The Korea Herald : The Nation's No.1 English Newspaper

リンク: The Korea Herald : The Nation's No.1 English Newspaper.

'N.K. plans to test nukes'

From news reports

North Korean leader Kim Jong-il is determined to conduct an underground test of his country's nuclear weapons and has made his intention clear to Russian and Chinese diplomats in Pyongyang, a British newspaper reported Sunday.

"Russian diplomats believe it is now highly probable that North Korea will officially join the nuclear club by carrying out its first underground test of an atomic device," the Telegraph reported on its website.

The report also said the reclusive leader has reportedly "made clear his intention" during a recent meeting with diplomats from Russia and China, North Korea's closest allies.

The report comes amid concerns that the communist state may be preparing an underground test at a suspected testing site on its east coast.

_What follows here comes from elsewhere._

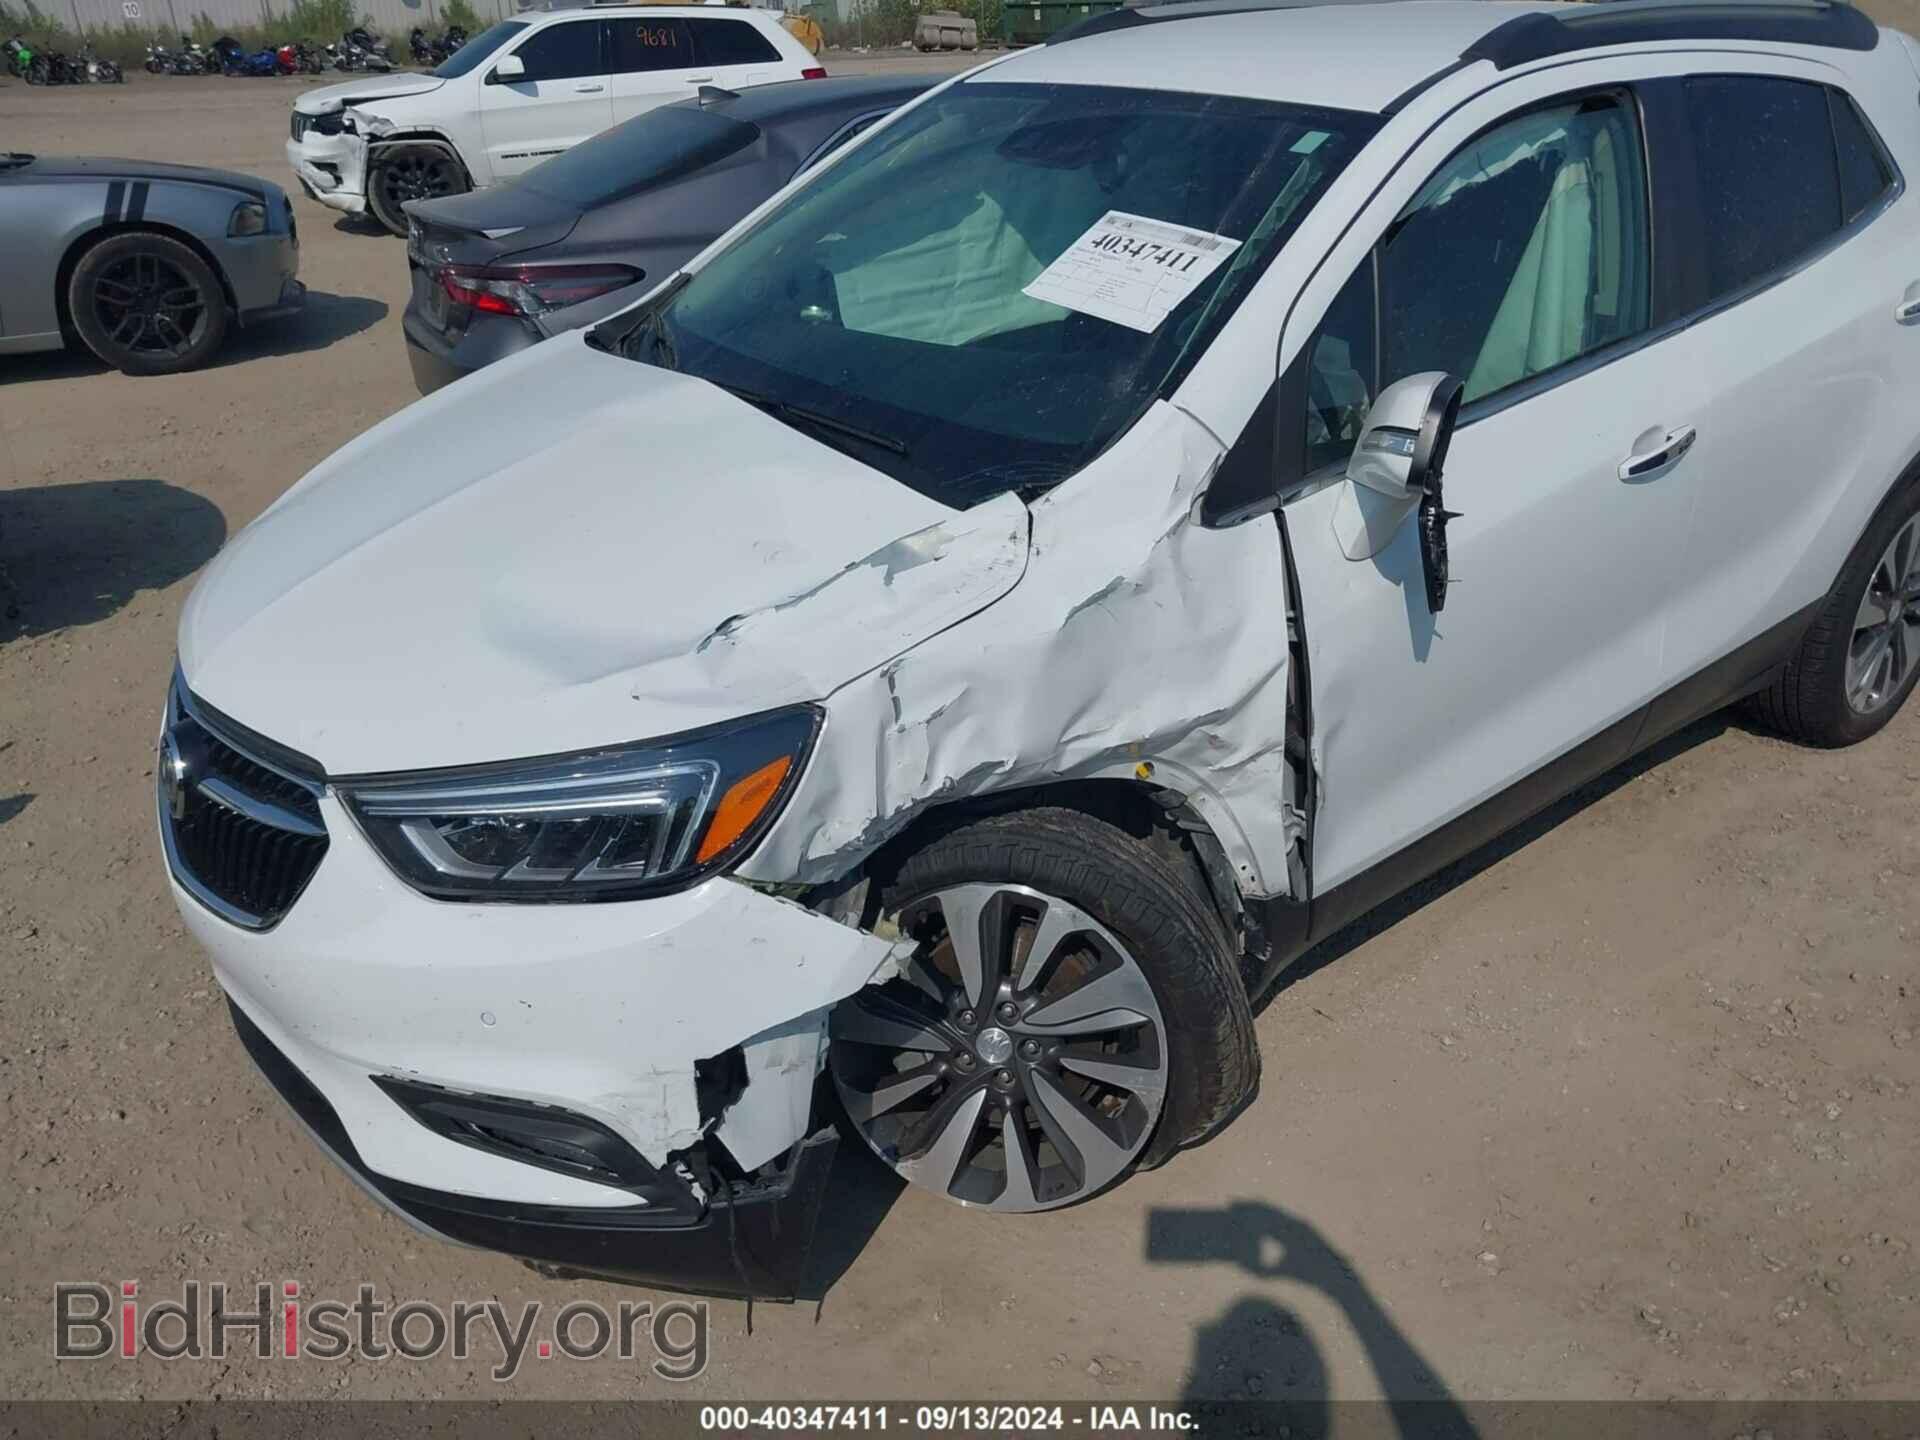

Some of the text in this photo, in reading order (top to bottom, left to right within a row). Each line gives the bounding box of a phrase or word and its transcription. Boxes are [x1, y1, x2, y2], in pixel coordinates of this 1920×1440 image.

Earlier reports said a U.S. intelligence agency has spotted suspicious vehicle movements near the underground testing site, suggesting an imminent nuclear test.

Pyongyang declared that it has nuclear arms early last year, but has yet to conduct any known tests. The head of South Korea's National Intelligence Service, Kim Seung-kyu, said late last month that his agency believes the communist state is capable of testing a nuclear weapon "at any time" as its testing facilities are always on standby.

The U.S. State Department warned last week that a nuclear test would be "deeply provocative" and that such an act "would only add to and deepen their isolation."

"North Korea needs to listen to the world and what the world is telling it," Sean McCormack, a spokesman for the State Department, said in a daily press briefing in Washington Saturday.

Both the United States and South Korea have been trying to persuade North Korea to abandon its atomic ambitions through multilateral negotiations, which are also attended by China, Japan and Russia.

But the communist state has been refusing to attend the talks since November, citing what it claims to be a hostile U.S. policy toward it.

Quoting an unidentified Russian diplomat, the Telegraph said the North Korean leader is "irritated" by U.S. sanctions imposed on a Macau bank late last year for allegedly helping the North launder counterfeit U.S. dollars.

"We would encourage the North Korean regime to act in a constructive, responsible manner (and) set a date to come back to the six-party talks," McCormack.

North Korea stoked regional tension in early July by test-firing seven ballistic missiles in what it claimed to be regular military drills.